Zu
ihrem 85. Geburtstag bekommt Miriam Guldberg einen silbernen Armreif
von ihrer Familie geschenkt, wo ihr Name eingraviert ist. Als sie
dies sieht, bemerkt sie spontan „Ich heiße nicht Miriam“ und
stürzt damit ihre Lieben in Verwirrung.
Als
junge Frau kam die Jüdin zum Ende des Krieges nach Schweden, aber
bisher wurde auch in der Familie nie über ihre schlimme
Vergangenheit und ihre schreckliche Zeit während der Gefangenschaft
im KZ gesprochen.
Als
sie nun behauptet, sie sei nicht Miriam, befürchtet ihre Enkelin
sogar, sie könne womöglich unter beginnender Demenz leiden. Aber
dem ist ganz und gar nicht so, denn Miriam hat ein gutes Gedächtnis,
fast zu gut. Dabei fällt es ihr schwer, die Erinnerungen an die
furchtbare Zeit, die sie damals erlebt hat, zuzulassen. Im Lauf der
Jahre ist sie eine Meisterin der Verdrängung geworden. In der
Gegenwart hat sich Miriam eine Art Zuflucht in ihre eigene
Gedankenwelt geschaffen. Ihr geistiger Rückzugsort gibt ihr Schutz
und Halt, wenn die schrecklichen Erinnerungen zu übermächtig
werden, an damals, als Miriam noch Malika war, ein Roma-Kind, zu
einer Zeit, als es vor dem Regime schon als Verbrechen galt, anders
zu sein.
An
ihrem 85. Geburtstag muss es heraus. Zu lange hat sie all das
Schreckliche in ihrem Innern verschlossen. Nun bricht sie ihr
Schweigen und offenbart sich ihrer Enkeltochter. Die Verleugnung und
Aufgabe ihrer Identität damals hat ihr das Leben gerettet und ihr
eine sichere Zukunft ermöglicht. Nun, da die Wahrheit ans Licht will
und sie sich Camilla anvertraut, wird sie zugleich von der Angst
beherrscht, ihre eigene Familie könnte sie verurteilen und ablehnen.

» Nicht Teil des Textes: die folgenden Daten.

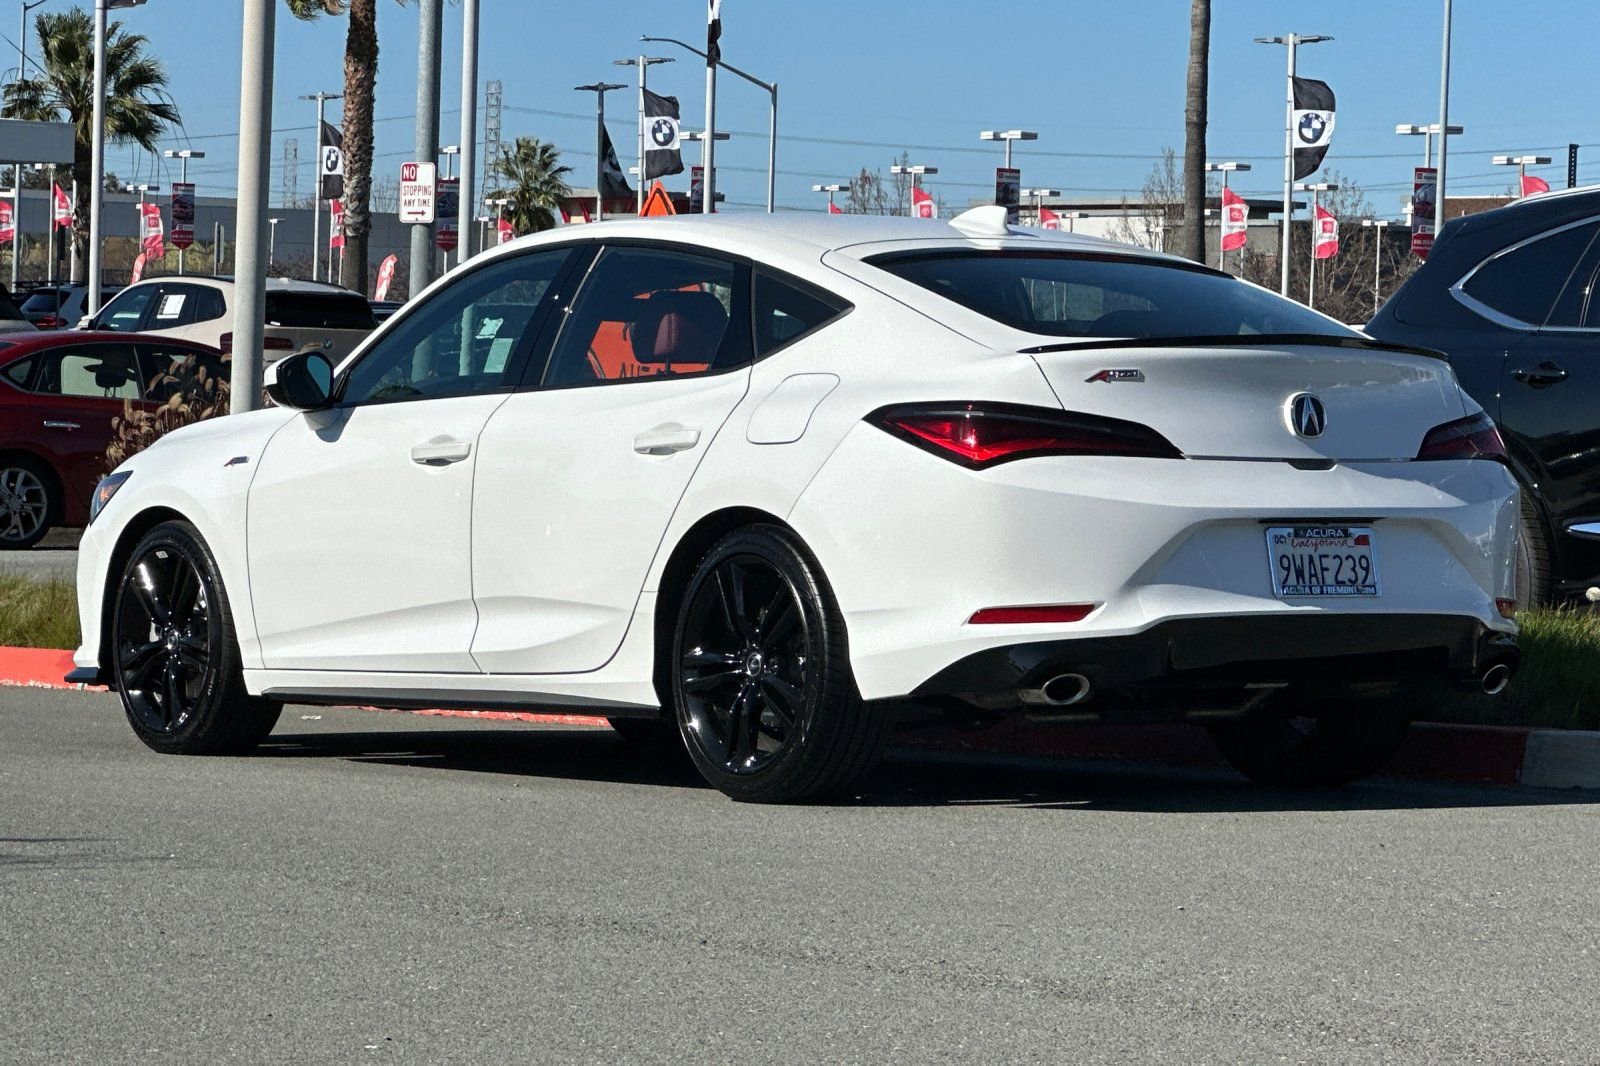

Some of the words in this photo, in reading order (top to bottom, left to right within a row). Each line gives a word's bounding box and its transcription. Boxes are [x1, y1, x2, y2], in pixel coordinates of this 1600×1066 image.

Als Jüdin konnte sie nach der Befreiung auf Mitleid und Hilfe
hoffen. Aber viele, die sie als Miriam mitfühlend unterstützten,
hätten Malika, die Romni, entsetzt fallen gelassen.
Es
gibt viele Zeitsprünge im Handlungsablauf, die zu ganz
unterschiedlichen Ereignissen und Situationen führen. Diese sind
nicht in chronologischer Reihenfolge, sondern erfolgen auf Grund von
Gedankenblitzen der Protagonistin. Sie erinnert sich an eine Person
oder eine Szene von damals, und schon ist ihr die ganze Dramatik der
Geschichte wieder im Gedächtnis. Immer noch stehen ihr die brutalen
Bilder deutlich vor Augen, nur die Zeitabläufe verwischen. Die
Gedankensprünge zu ganz unterschiedlichen Zeitpunkten und die
häufig wechselnden Orte versinnbildlichen für mich die innere
Zerrissenheit und Aufgewühltheit der alten Dame. Auch nach all den
Jahren lastet immer noch das Bewusstsein auf ihr, dass sie mit einer
Lüge lebt.
Der
Erzählstil dieses Romans wirkt manchmal fast spielerisch leicht,
besonders in den Szenen, wenn Miriam vor sich selbst und ihrem
Schicksal auf der Flucht ist und sich innerlich in ihre Traumwelt
zurückzieht. Sie versuchte, die schrecklichen Dinge, die um sie
herum geschehen sind, möglichst auszublenden und das Leid, den
Hunger, das Elend und die verstörenden Bilder der Leichenberge, mit
denen sie täglich im KZ konfrontiert wurde, so gut wie möglich zu
ignorieren, denn nur so hatte sie die Kraft, durchzuhalten und
weiterzuleben.
Die
Autorin malt mit Worten ein erschütterndes Bild, und sie tut es so
berührend dass einen diese Lebensgeschichte nicht mehr loslässt.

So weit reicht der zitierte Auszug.